Reproduce the line containing "Some of the words" and every line after it through the end of the records. Include nothing else.
━━━━
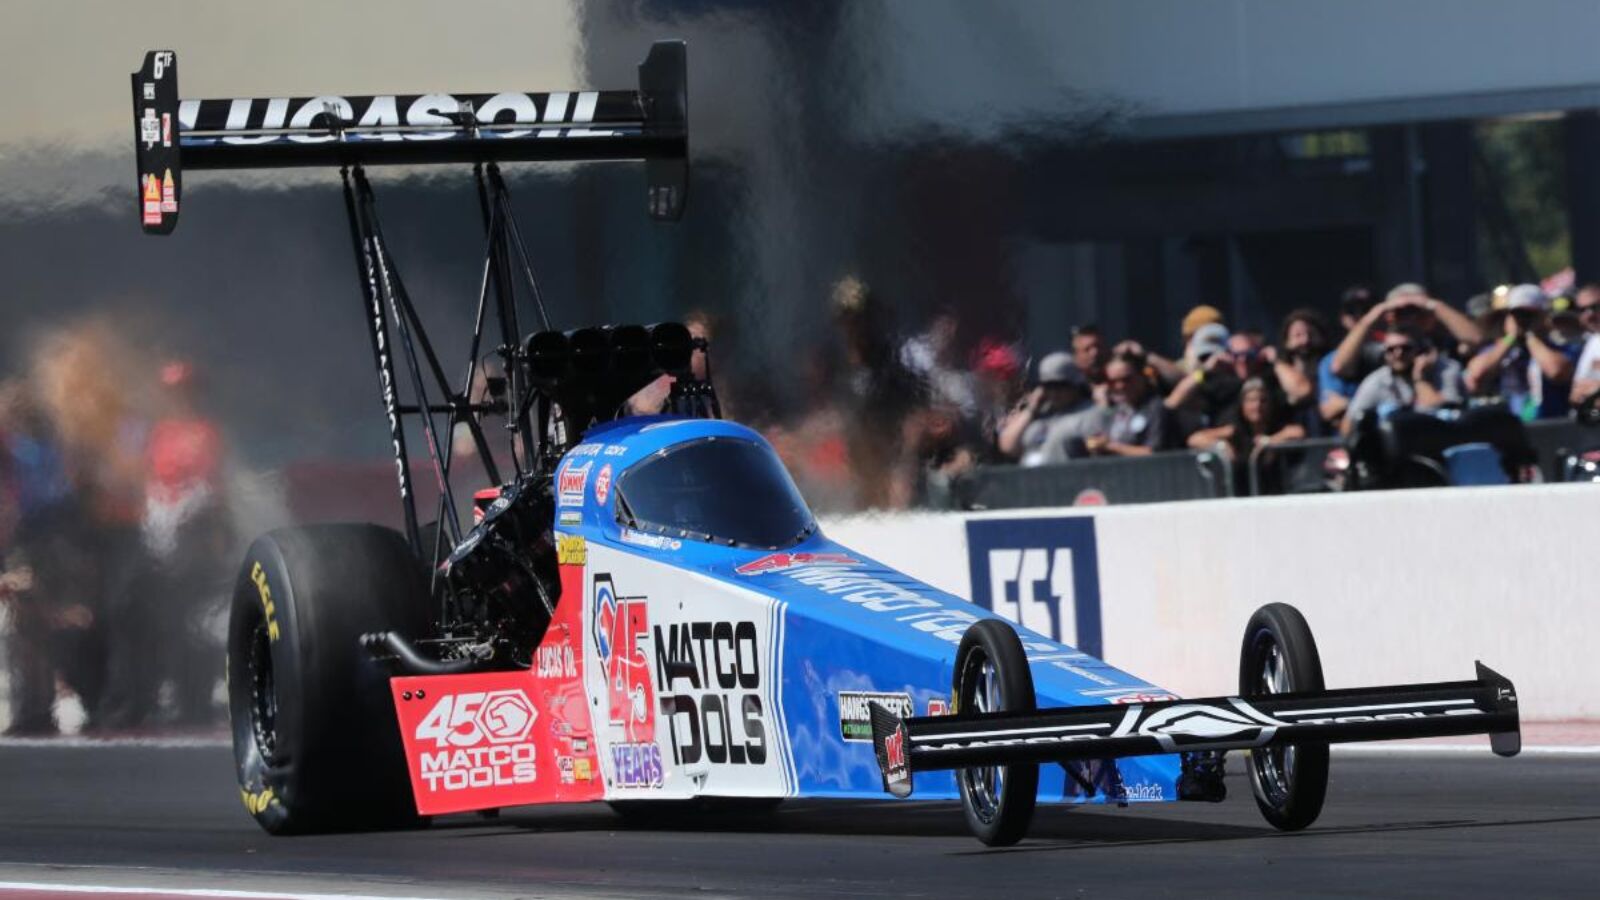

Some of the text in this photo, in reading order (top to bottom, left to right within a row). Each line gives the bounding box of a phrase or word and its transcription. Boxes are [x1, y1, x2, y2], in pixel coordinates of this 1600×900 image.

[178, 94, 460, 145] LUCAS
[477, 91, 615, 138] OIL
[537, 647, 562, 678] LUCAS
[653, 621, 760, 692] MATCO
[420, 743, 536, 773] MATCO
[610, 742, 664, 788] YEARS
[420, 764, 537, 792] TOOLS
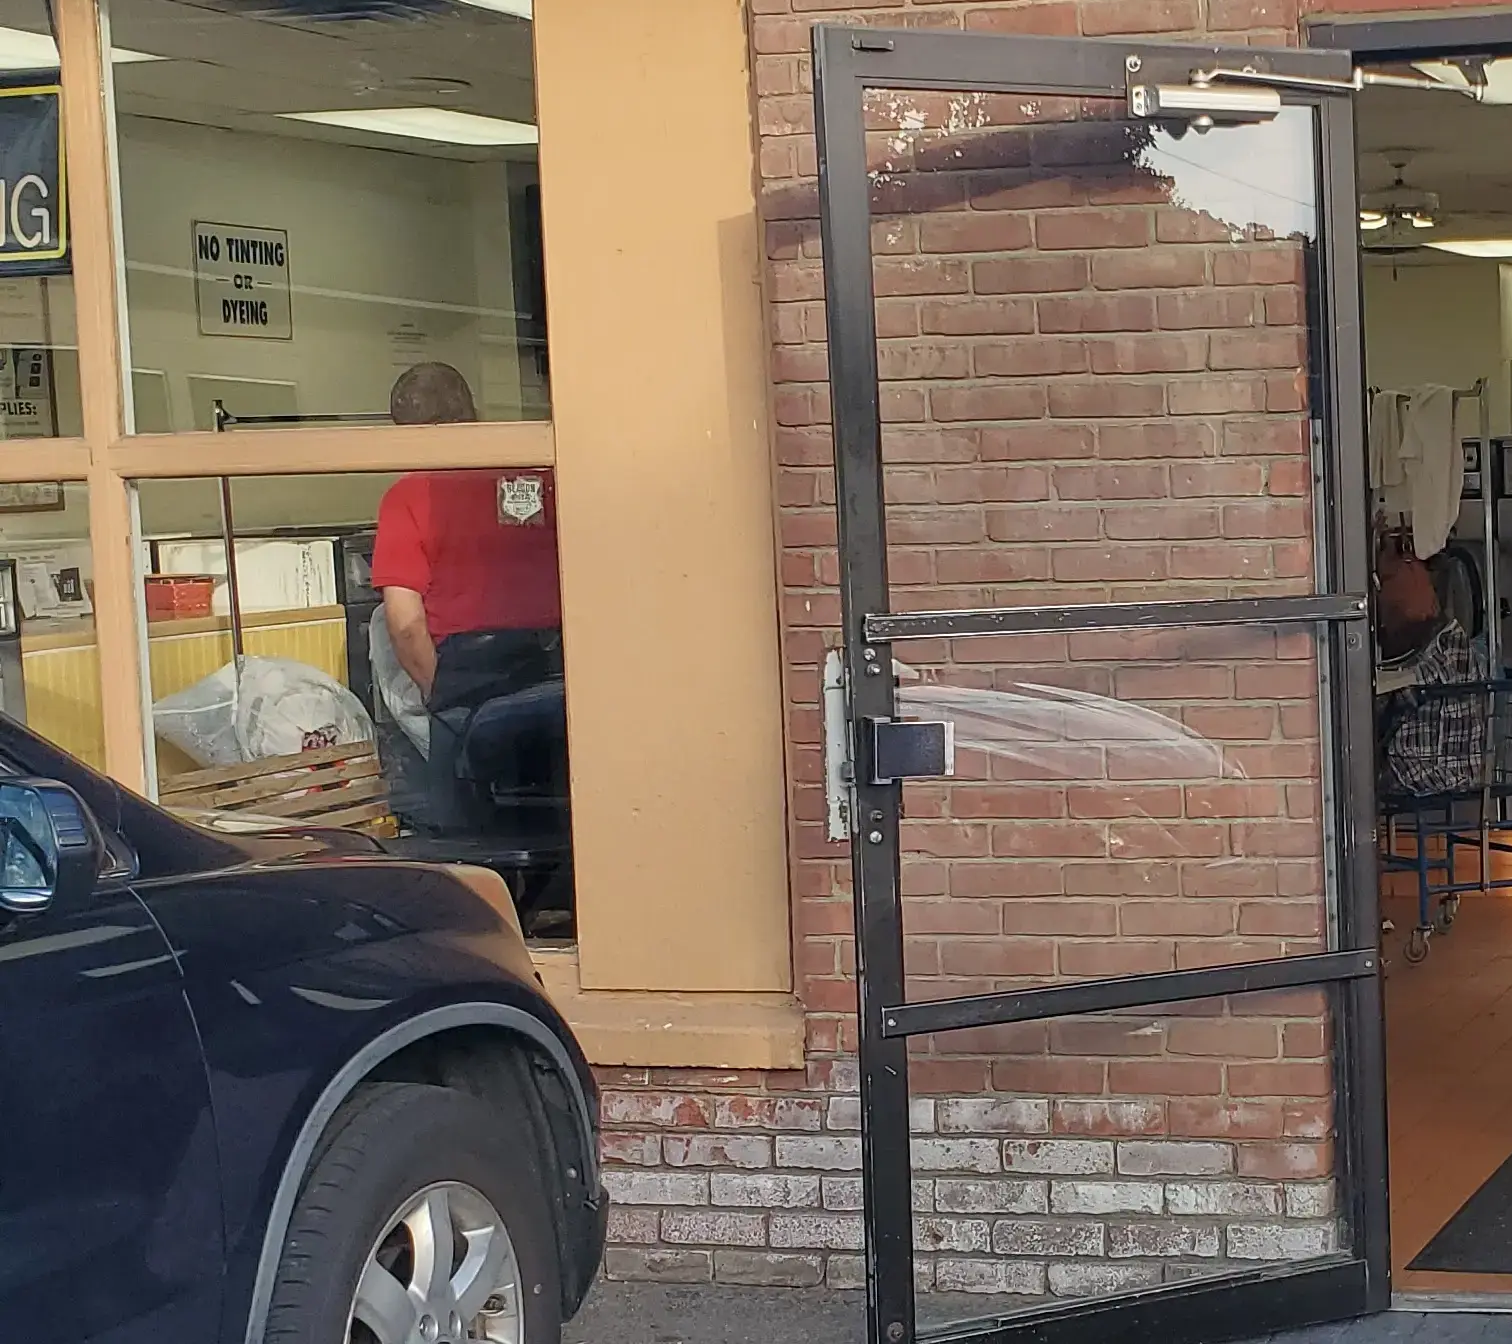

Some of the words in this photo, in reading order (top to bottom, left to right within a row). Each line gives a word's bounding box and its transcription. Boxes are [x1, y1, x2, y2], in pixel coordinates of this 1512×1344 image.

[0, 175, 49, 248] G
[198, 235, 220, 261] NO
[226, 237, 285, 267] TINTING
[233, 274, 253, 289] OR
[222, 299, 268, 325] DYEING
━━━━
| Answer space |
Some of the words in this photo, in reading order (top to bottom, left to right within a row). Each line gives a word's bounding box and its transcription. Boxes are [x1, y1, x2, y2], in pixel coordinates of this 1512×1344 image.

[0, 175, 49, 248] G
[198, 235, 220, 261] NO
[226, 237, 285, 267] TINTING
[233, 274, 253, 289] OR
[222, 299, 268, 325] DYEING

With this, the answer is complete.